# [AIM OF THE TASK]
Please reproduce every record exactly as written, leaving out the pictures.

[[ DATA SHOWN, beginning ]]

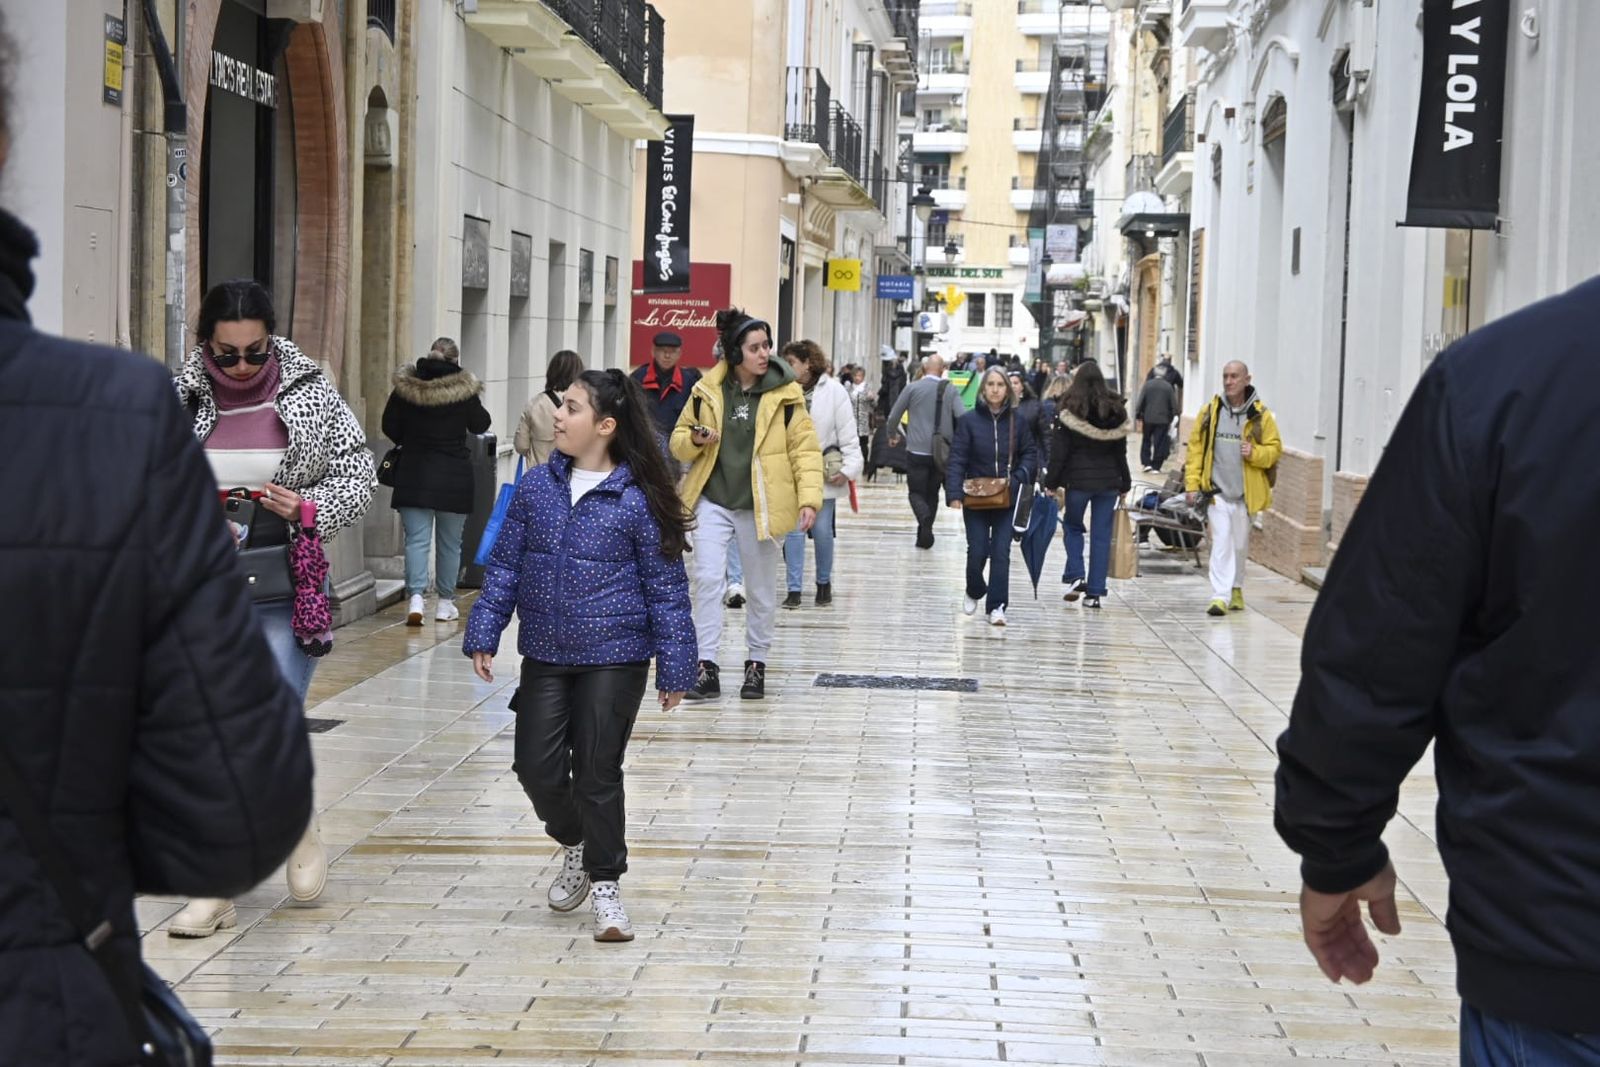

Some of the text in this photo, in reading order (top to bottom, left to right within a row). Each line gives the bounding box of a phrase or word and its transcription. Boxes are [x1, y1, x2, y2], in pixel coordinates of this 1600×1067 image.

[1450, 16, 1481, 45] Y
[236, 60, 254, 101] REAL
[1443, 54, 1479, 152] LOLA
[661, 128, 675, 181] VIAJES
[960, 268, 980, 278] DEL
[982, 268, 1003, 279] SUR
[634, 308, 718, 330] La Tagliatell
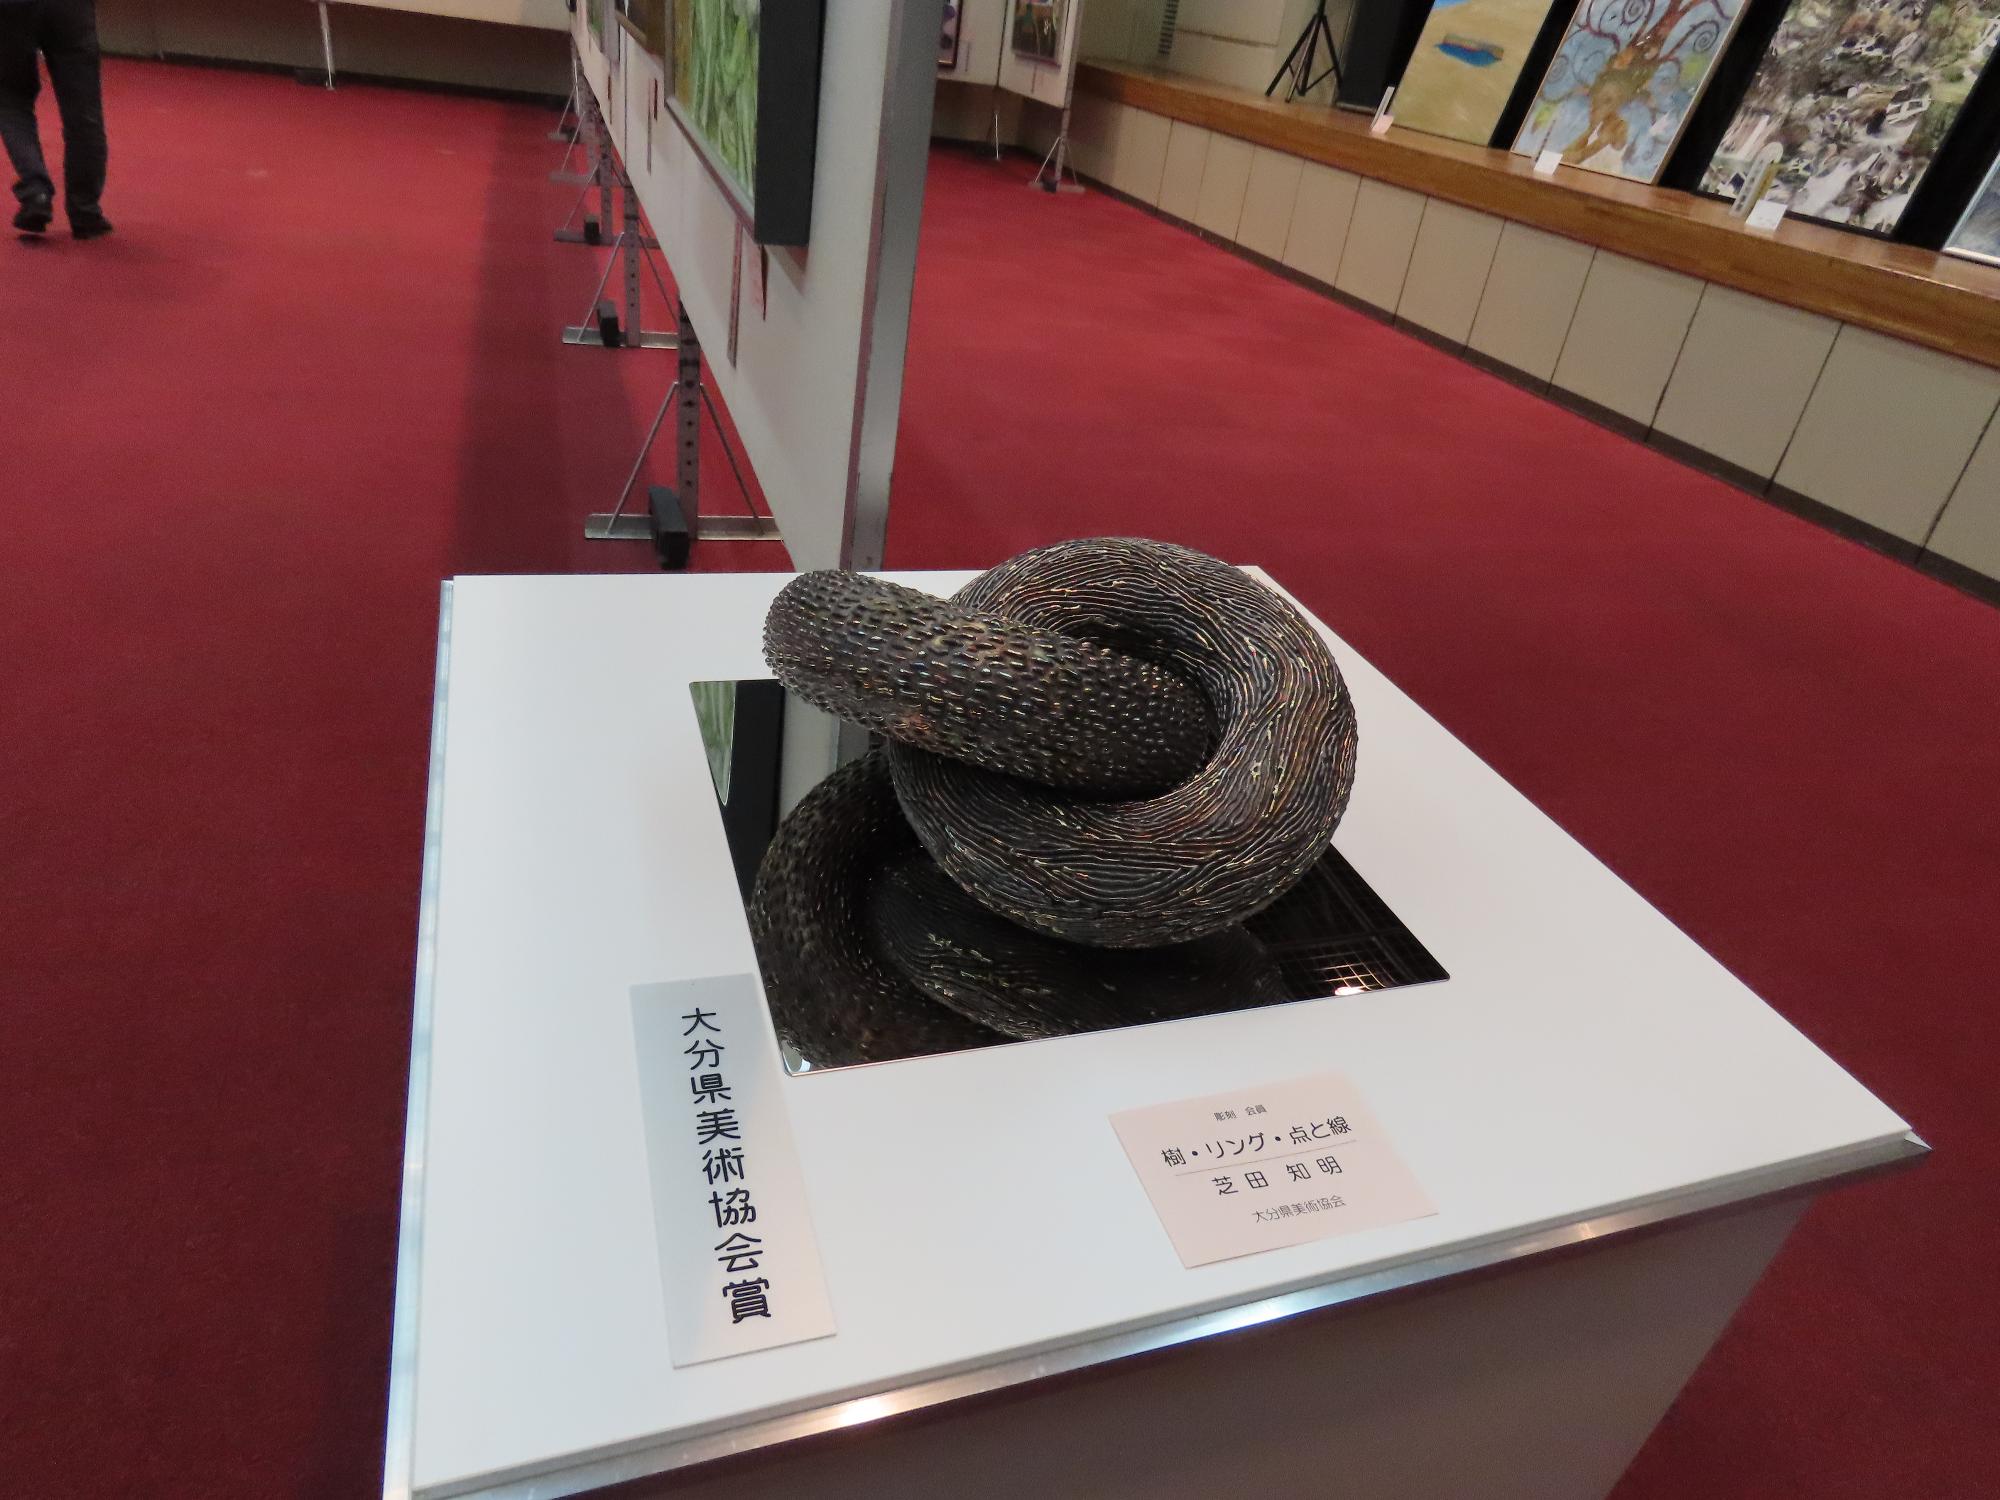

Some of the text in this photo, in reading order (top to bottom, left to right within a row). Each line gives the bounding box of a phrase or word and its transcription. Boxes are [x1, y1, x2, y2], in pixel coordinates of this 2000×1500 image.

[[ DATA SHOWN, end ]]

# [YOUR RESPONSE]
Some of the text in this photo, in reading order (top to bottom, left to right within a row). Each line gives the bounding box of a phrase or word and its transcription. Boxes are [x1, y1, x2, y2], in pixel coordinates of this 1600×1067 image.

[1450, 16, 1481, 45] Y
[236, 60, 254, 101] REAL
[1443, 54, 1479, 152] LOLA
[661, 128, 675, 181] VIAJES
[960, 268, 980, 278] DEL
[982, 268, 1003, 279] SUR
[634, 308, 718, 330] La Tagliatell

Some of the text in this photo, in reading order (top to bottom, left to right within a row). Each line gives the bounding box of a phrase or word and its transcription. Boxes are [x1, y1, x2, y2], in pixel coordinates of this 2000×1500 image.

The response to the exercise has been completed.